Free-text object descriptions
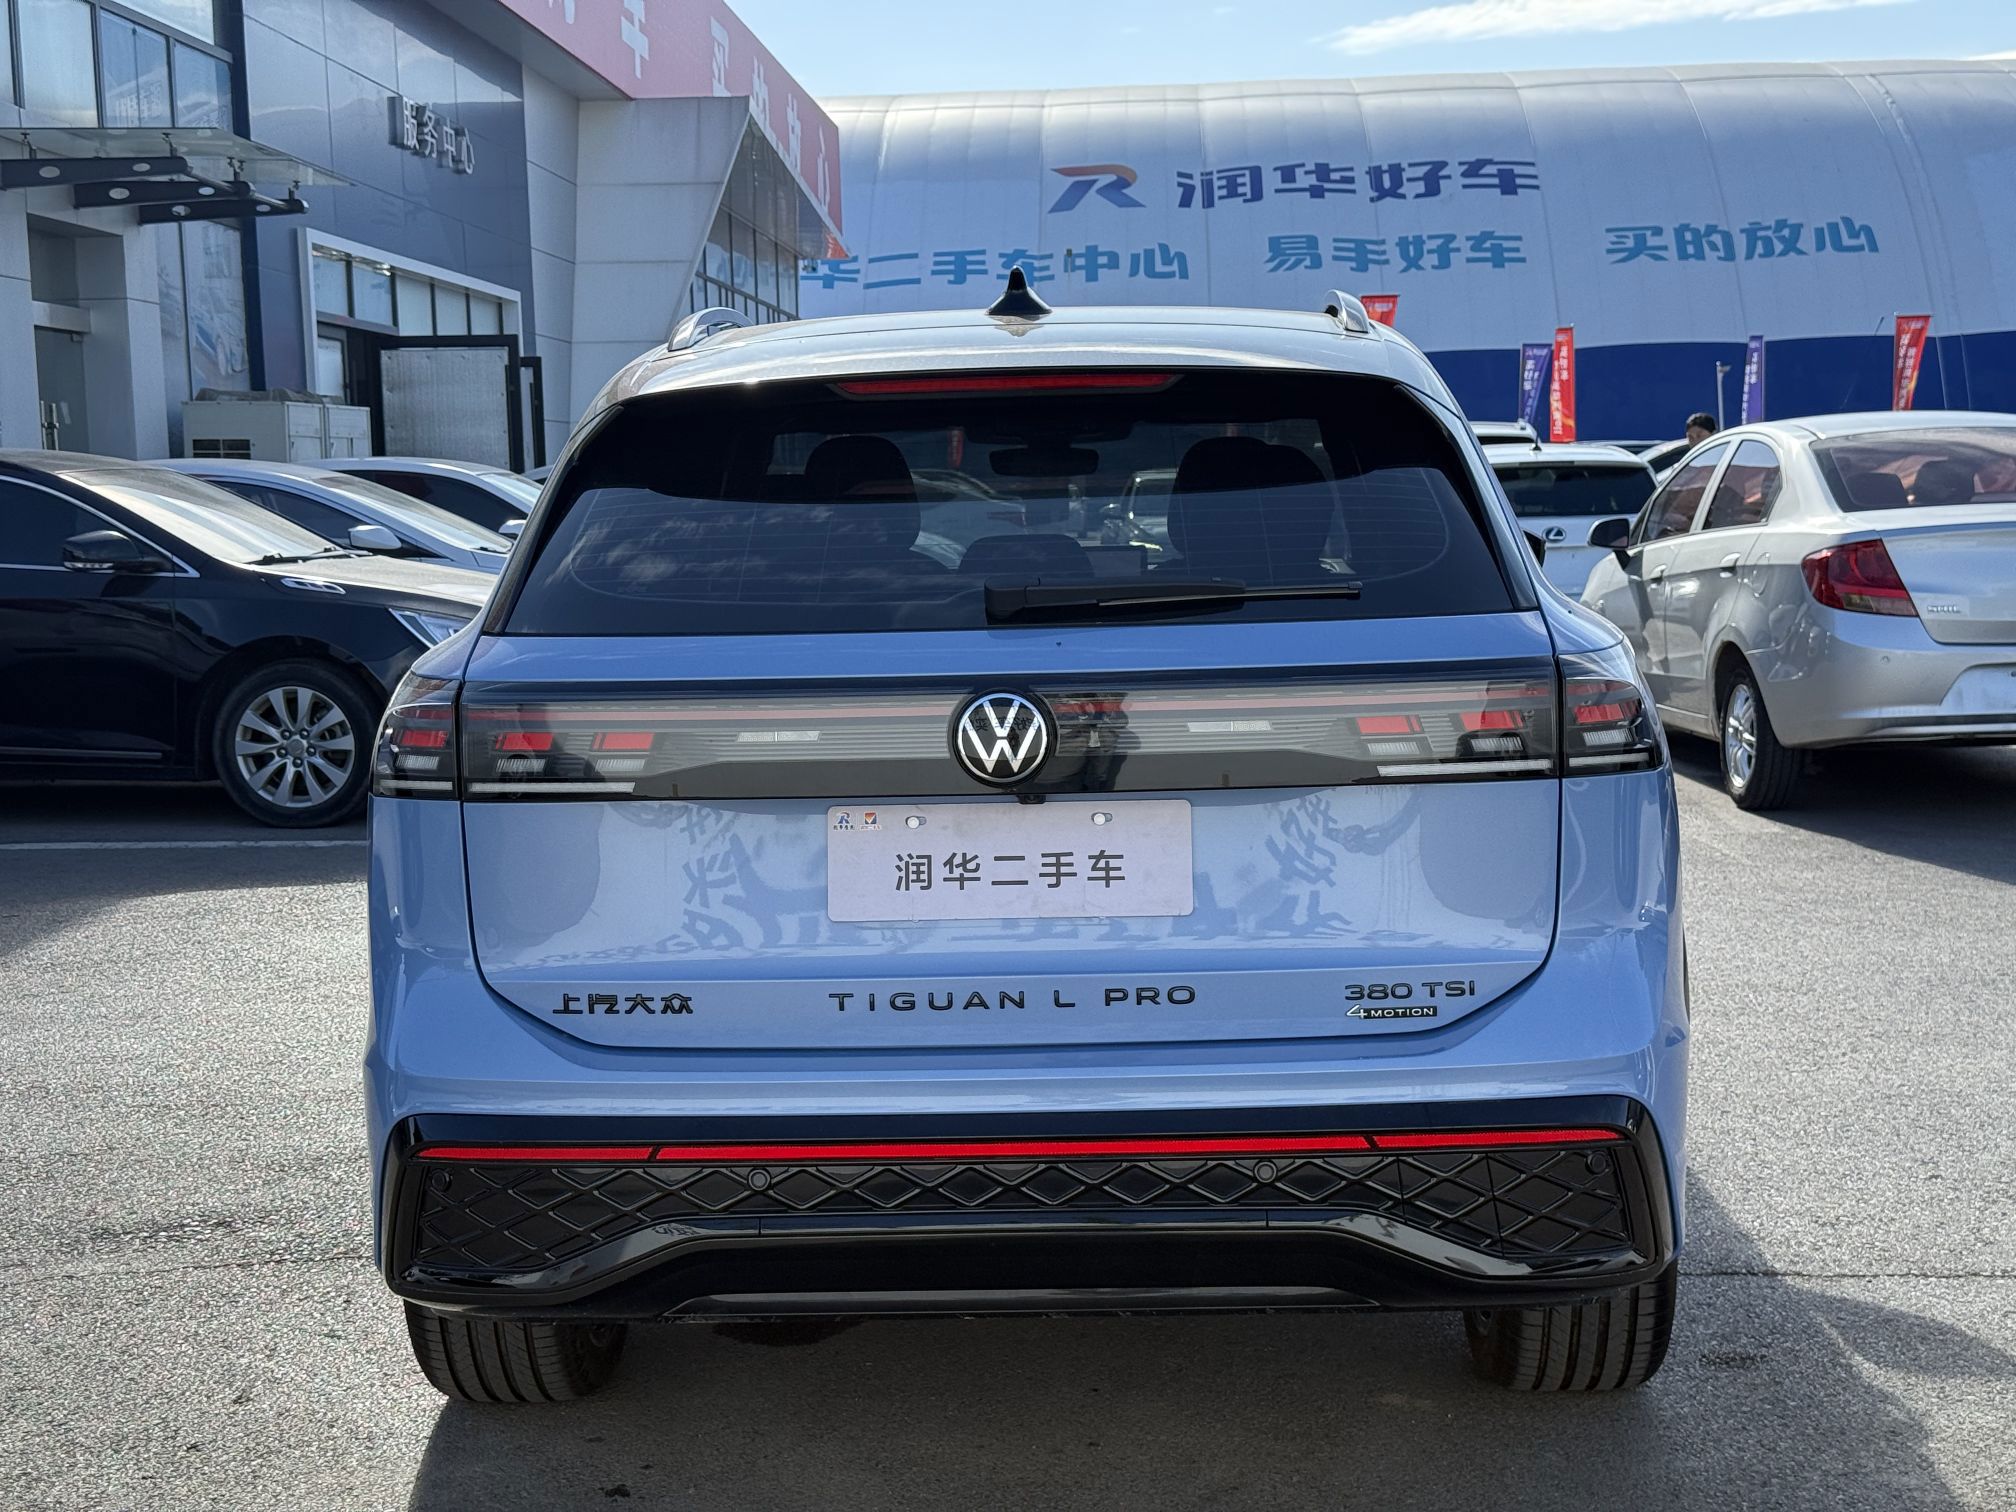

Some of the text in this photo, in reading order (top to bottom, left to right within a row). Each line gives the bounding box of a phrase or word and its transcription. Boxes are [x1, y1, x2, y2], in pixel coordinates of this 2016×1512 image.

[402, 97, 475, 174] 服务中心
[1176, 158, 1540, 209] 润华好车
[1264, 231, 1527, 273] 易手好车
[1604, 215, 1879, 264] 买的放心
[894, 849, 1126, 891] 润华二手车
[552, 993, 694, 1014] 上汽大众
[828, 985, 1196, 1012] TIGUAN L PRO
[1344, 980, 1476, 1001] 380 TSI
[1346, 1003, 1434, 1019] 4MOTION
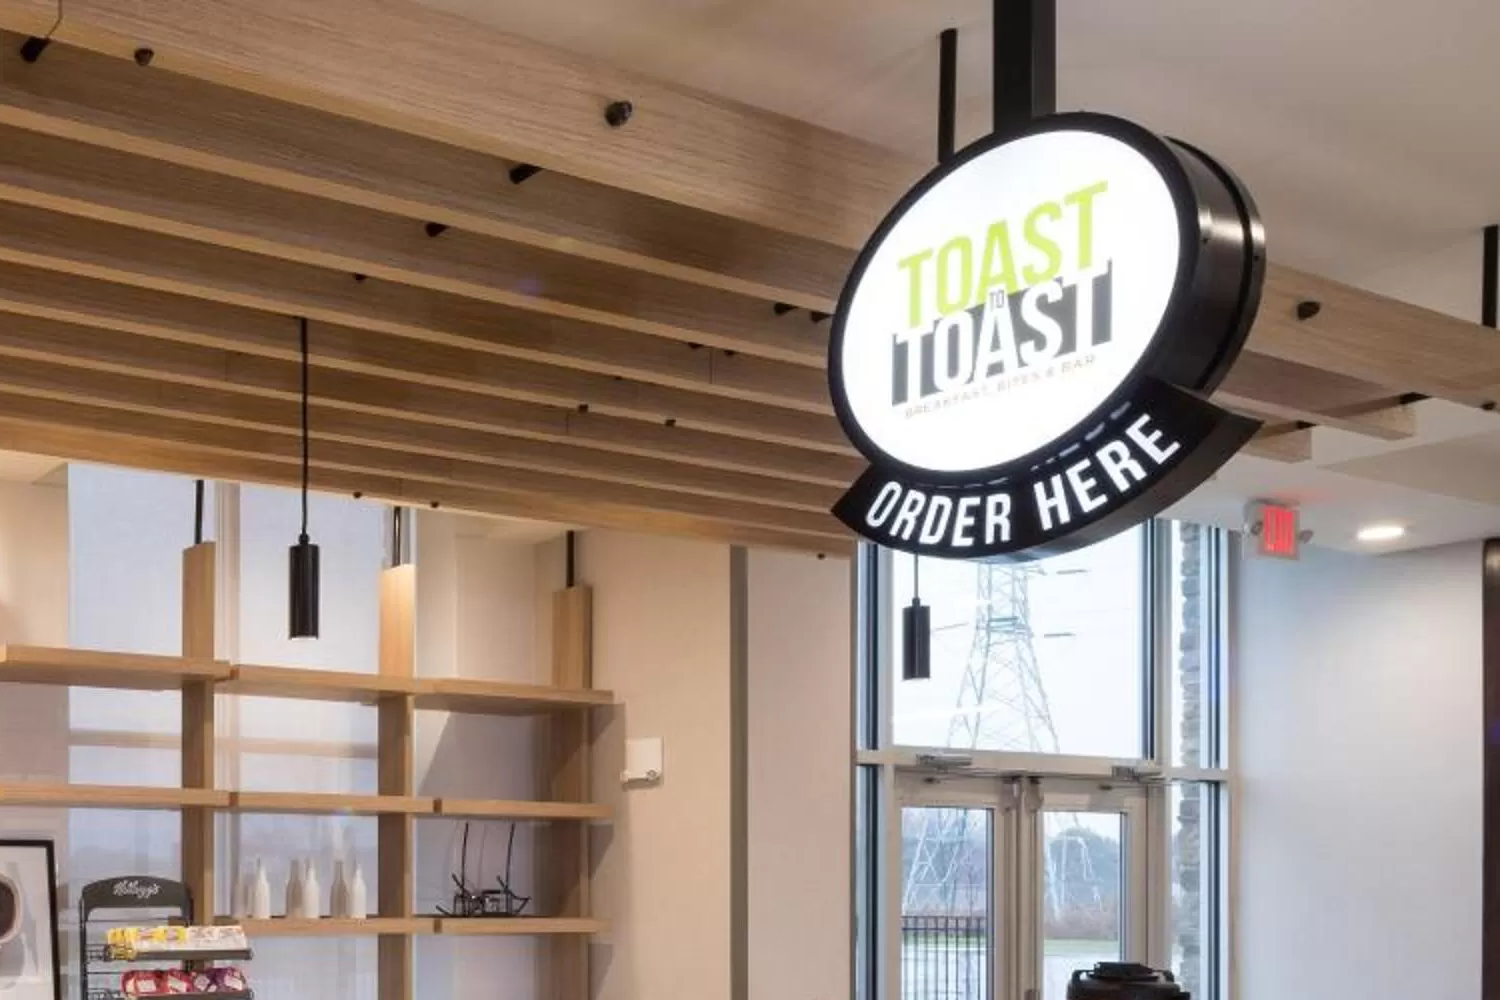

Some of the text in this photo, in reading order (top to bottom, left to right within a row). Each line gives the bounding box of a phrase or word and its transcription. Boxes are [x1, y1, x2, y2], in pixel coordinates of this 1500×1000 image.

▸ **Exercise description**: Without including any pictures, print each record exactly.

▸ **Solution**:
Some of the text in this photo, in reading order (top to bottom, left to right within a row). Each line gives the bounding box of a phrase or word and its transcription. Boxes are [x1, y1, x2, y2], in pixel coordinates of this 2016×1512 image.

[402, 97, 475, 174] 服务中心
[1176, 158, 1540, 209] 润华好车
[1264, 231, 1527, 273] 易手好车
[1604, 215, 1879, 264] 买的放心
[894, 849, 1126, 891] 润华二手车
[552, 993, 694, 1014] 上汽大众
[828, 985, 1196, 1012] TIGUAN L PRO
[1344, 980, 1476, 1001] 380 TSI
[1346, 1003, 1434, 1019] 4MOTION

Some of the text in this photo, in reading order (top to bottom, left to right within a row). Each line gives the bounding box of a phrase or word and its transcription. Boxes are [x1, y1, x2, y2], in pixel coordinates of this 1500×1000 image.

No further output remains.